In prior appearances before the subcommittee, we have stressed support for the adoption of comprehensive health insurance, as against catastrophic health insurance programs. This position is predicated on the belief that the enactment of catastrophic health legislation would seriously fragment the health-care financing system by overemphasizing the high cost end of the health-care spectrum.

Yet, we must recognize that the failure to enact any national health insurance program is beginning to have similar effects. We are witnessing more and more pressures in Congress to develop categorical health programs such as a kidney dialysis program. These programs are not only very costly, but they also have the effect of diverting from the mainstream of health care considerable manpower and facility

resources.

While we continue to support the concept of comprehensive national health insurance, and would hope that the economy would soon be able to absorb such legislation, we recognize that any further undue delay in its enactment will necessarily lead to more thoughtful consideration of legislation along the lines of H.R. 10028, which we believe would remove the need and pressures for such categorical health programs.

We believe that any national health insurance plan needs to recog nize other insurance systems, to the extent that such other system play a major role as medical benefit distributors. One such system is the casualty insurance business which pays billions in medical benefits annually.

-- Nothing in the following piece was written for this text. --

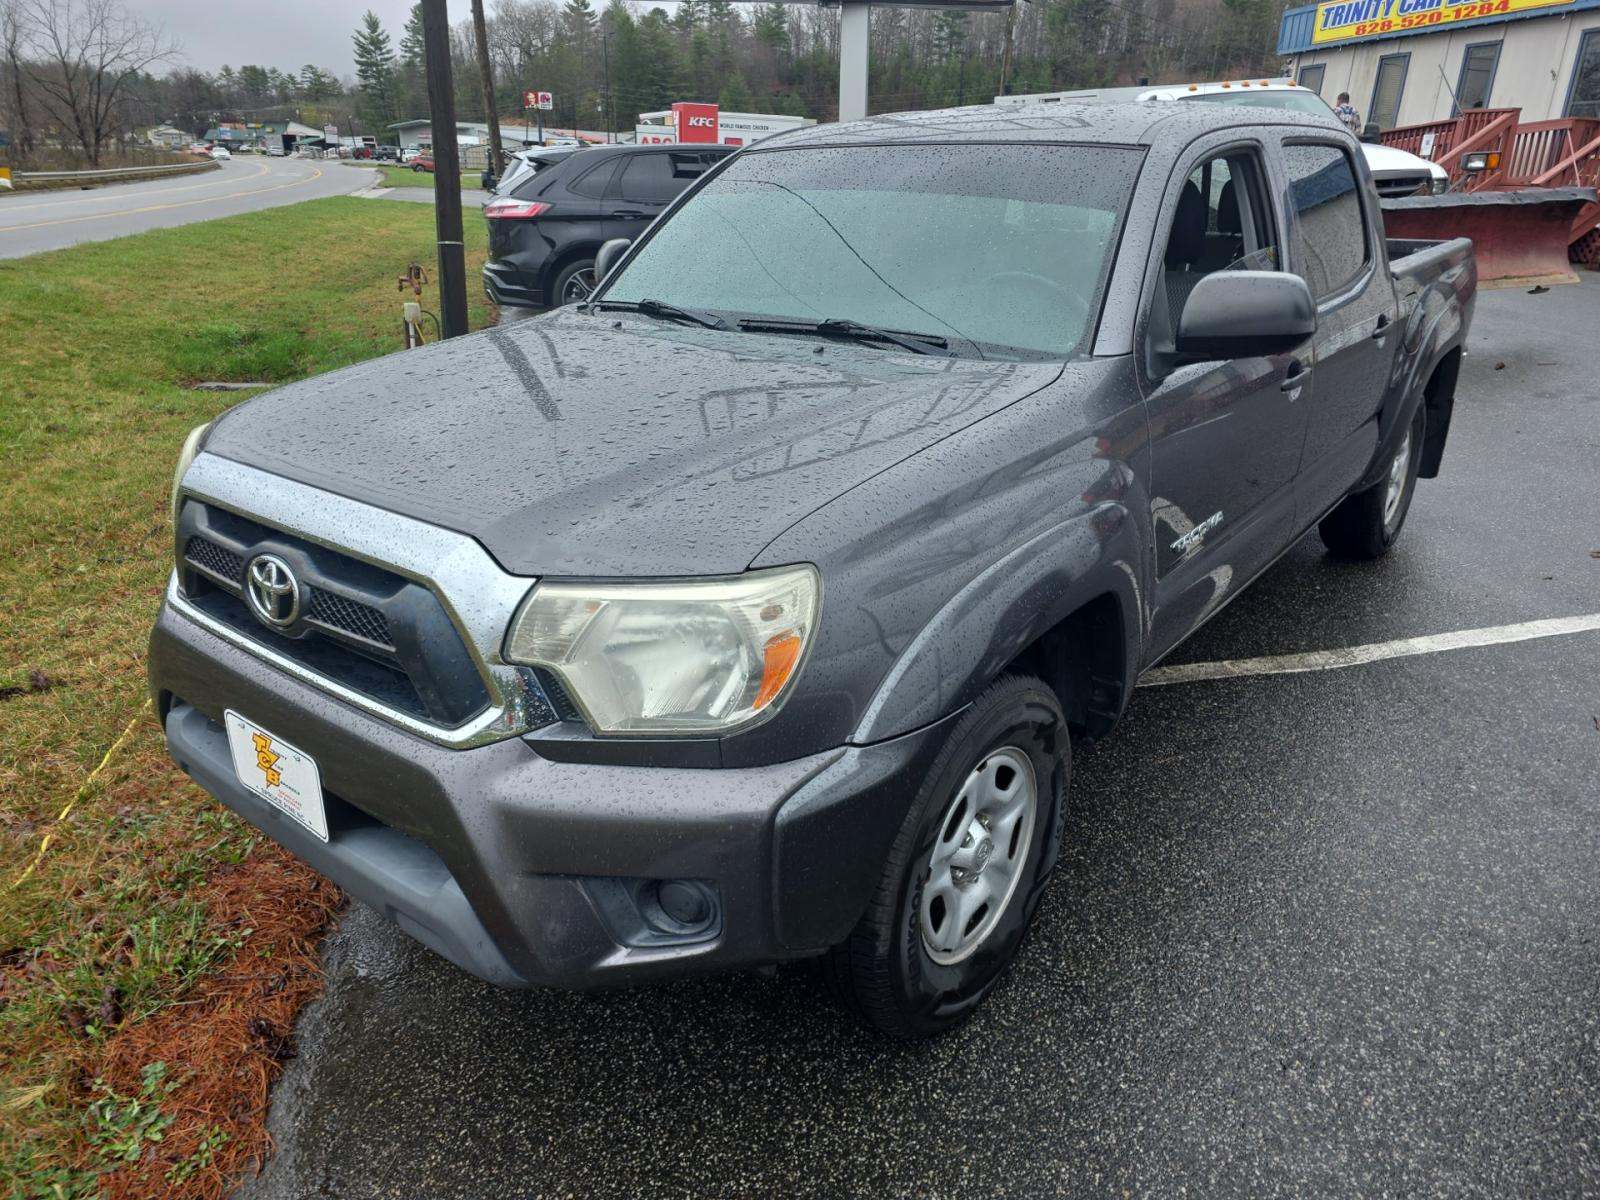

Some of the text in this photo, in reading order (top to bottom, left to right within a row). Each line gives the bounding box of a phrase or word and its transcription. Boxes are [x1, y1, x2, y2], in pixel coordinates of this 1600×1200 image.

These benefits finance the cost of trauma care for the industrially disabled, the automobile accident victim, the care of those who have been injured as a result of someone else's negligence. Recognizing the inherent waste and inefficiency arising in duplication, we believe any mandatory health insurance benefits should not duplicate other Government mandated medical benefits. To eliminate. such duplication, insurance benefits coverage must be made mutually exclusive of each other.